Monday, July 11, 2011

Experience and Learning

In the past few months I've heard a couple of stories about (in effect) the disadvantages of experience when it comes to innovation and productivity. A Story on WBUR on July 5, 2011
discussed how venture capitalists tend to favor young entrepreneurs, as having never learned the wrong things in business they don't know what's possible or impossible.  In one quote a VC said:
One thing I love about these people is they don’t know what they don’t know. They don’t fear failure. They don’t mind risk...

A March 6, 2011 story on NPR on the pros and cons of raising the retirement age made reference to to an article in Foreign Policy which asserted that younger workers have advantages in the workforce since they learned more recent technology in school.

While new skills and new perspectives can add a lot to a team, is the best way to get these skills to simply hire people who know only what they learned in school? Is anyone you know who is a successful, productive, software developer only working with skills and perspectives that they had when they graduated school? I suspect that the answer is "no." And do people who are new to a field fall often fall into avoidable traps because they don't have the experience to know that the traps were lurking?

In any field it's important to be continually learning. I've worked with recent grads who seems to now be aware of important, new technical subjects, and with people with 30+ years of experience who were the people I learned many new things from.

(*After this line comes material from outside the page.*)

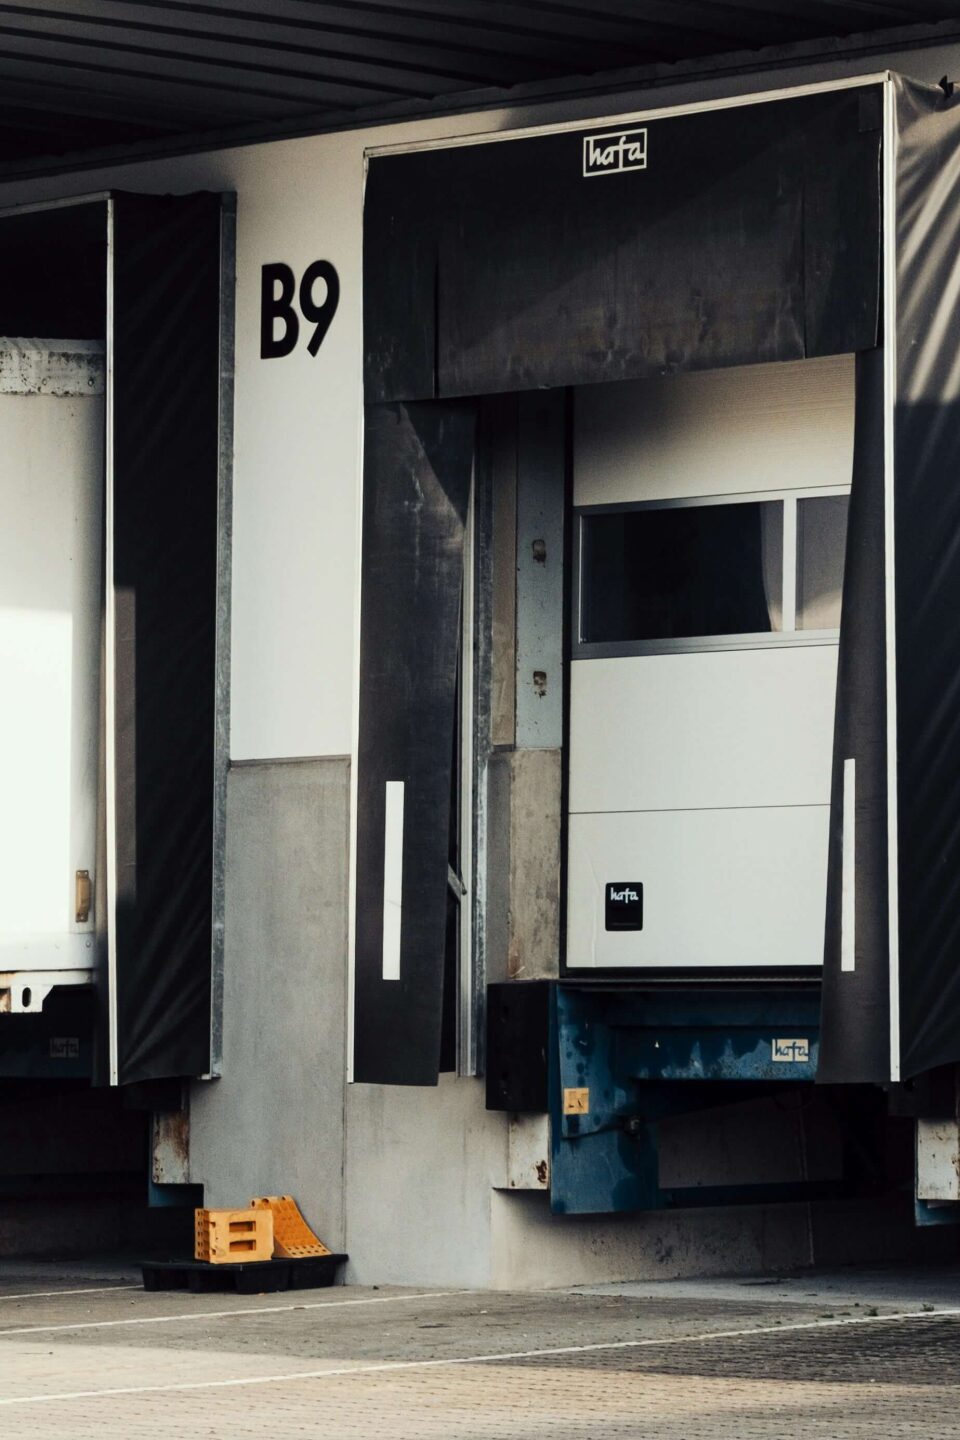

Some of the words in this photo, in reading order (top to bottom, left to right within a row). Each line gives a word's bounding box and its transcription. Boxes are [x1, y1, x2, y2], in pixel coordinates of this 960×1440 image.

The important thing in both of these cases isn't "new-ness or experience" but an ability to keep an open mind, learn, and "embrace change" (to borrow an expression from an agile software development method).

In the book The Cat Who Walks through Walls, the subject of the title could walk through walls because she was too young to know that she could not. While having this mindset is useful, there are ways to achieve it without being inexperienced or ignorant.

As the WBUR story concluded: "In this day and age, forget about age. All you need to start is a fresh idea."

To be a successful agile team you need a mix of perspectives and experiences and a willingness to learn from each other.

Thursday, July 7, 2011

Happiness and Agility

Agile development practices at their core, have a common theme of making better use of the time spent developing software. This starts at the project level and continues down to the developer day-to-day-activities. Consider an agile iteration. The team starts the iteration with a clear sense of the priorities for the sprint, and pretty good understanding of the project scope.  Having estimated and committed to getting the work done,  the team also has a sense that the goal is attainable. The team members then collaborate to get the work done as a team.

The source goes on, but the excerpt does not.